Cette nouvelle version du dossier innove en consacrant une partie entière à l'emploi et aux activités professionnelles du salarié. Ces informations, qui font aujourd'hui défaut, visent à identifier les expositions professionnelles actuelles et antérieures. Description du travail, horaires, risques, nuisances et fréquences d'exposition, mesures de prévention... constituent des indicateurs qui peuvent être renseignés par l'employeur, le comité d'hygiène, de sécurité et des conditions de travail (CHSCT), le salarié lui-même, ou encore par les organismes de prévention. La nature et l'origine de ces informations doivent être à chaque fois précisées.

Enfin, une partie permet au médecin du travail de formuler un avis médical et des propositions d'amélioration ou d'adaptation du poste de travail, voire de reclassement lorsque cette solution s'impose.

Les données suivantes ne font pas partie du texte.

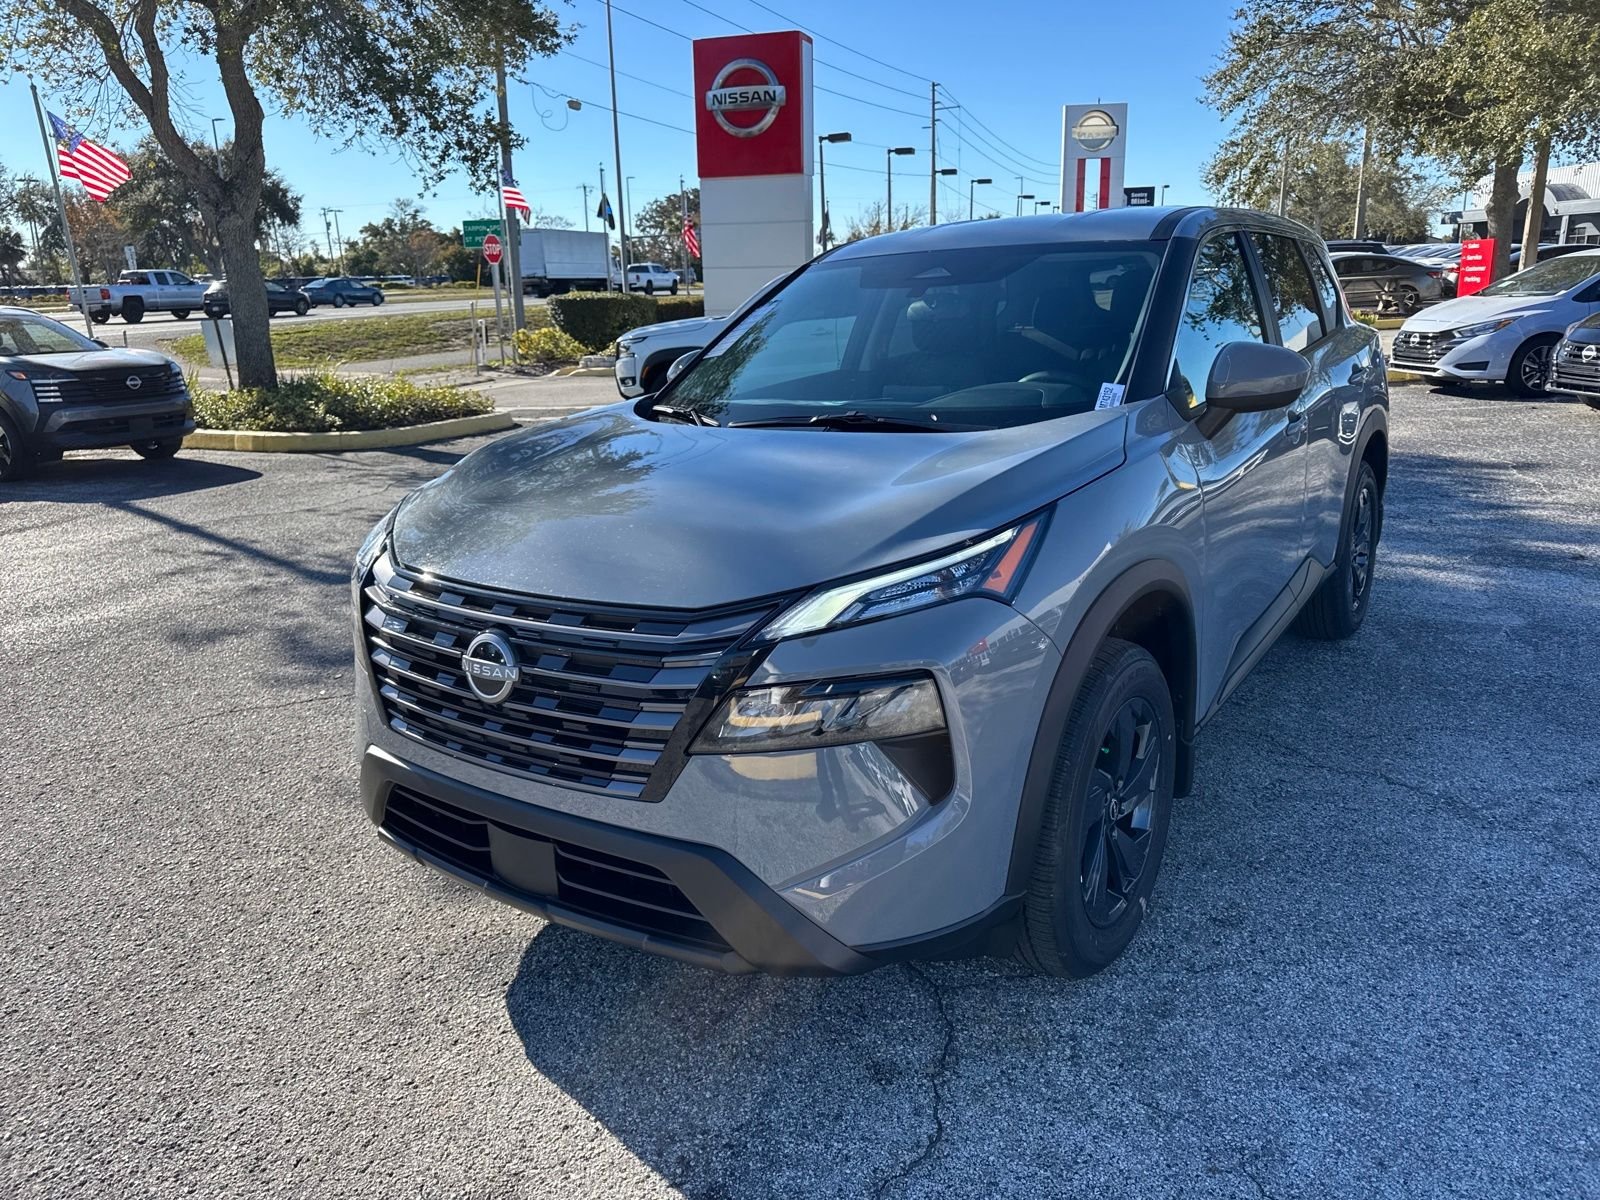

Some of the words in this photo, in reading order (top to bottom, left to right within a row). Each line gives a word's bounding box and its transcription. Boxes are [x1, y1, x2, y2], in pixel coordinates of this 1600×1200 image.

La Haute Autorité émet en outre plusieurs recommandations afin de garantir la confidentialité des données, notamment dans la perspective de l'informatisation de cet outil. Cela nécessitera d'ailleurs une déclaration préalable à la Commission nationale de l'informatique et des libertés (Cnil). Seul le médecin du travail peut accorder par écrit les autorisations et niveaux d'accès au dossier, notamment vis-à-vis des personnels infirmiers, qui sont eux aussi tenus au respect du secret professionnel. Le salarié peut bien sûr consulter son dossier et il dispose d'un droit d'opposition et de rectification. Lui seul décide, en cas par exemple de changement d'entreprise, de la possibilité de faire suivre son dossier dans un autre service de santé.

Mais la question de la transmission n'a pas fait l'objet d'une recommandation de la Haute Autorité, faute d'un consensus au sein du groupe de travail. Si le contenu des dossiers accorde une plus large place aux expositions professionnelles, le travail de suivi médical et de veille sanitaire restera donc partiel. Face à cette lacune, la HAS propose de mener ultérieurement une réflexion sur les conditions de transmission du dossier qui associerait l'Ordre des médecins, la direction générale du Travail et la direction générale de la Santé. En attendant, il reste aux médecins du travail le soin de s'approprier ce nouveau dossier médical, dont la portée ne pourra être vraiment complète que si la notion d'aptitude au poste est bel et bien supprimée dans la réforme.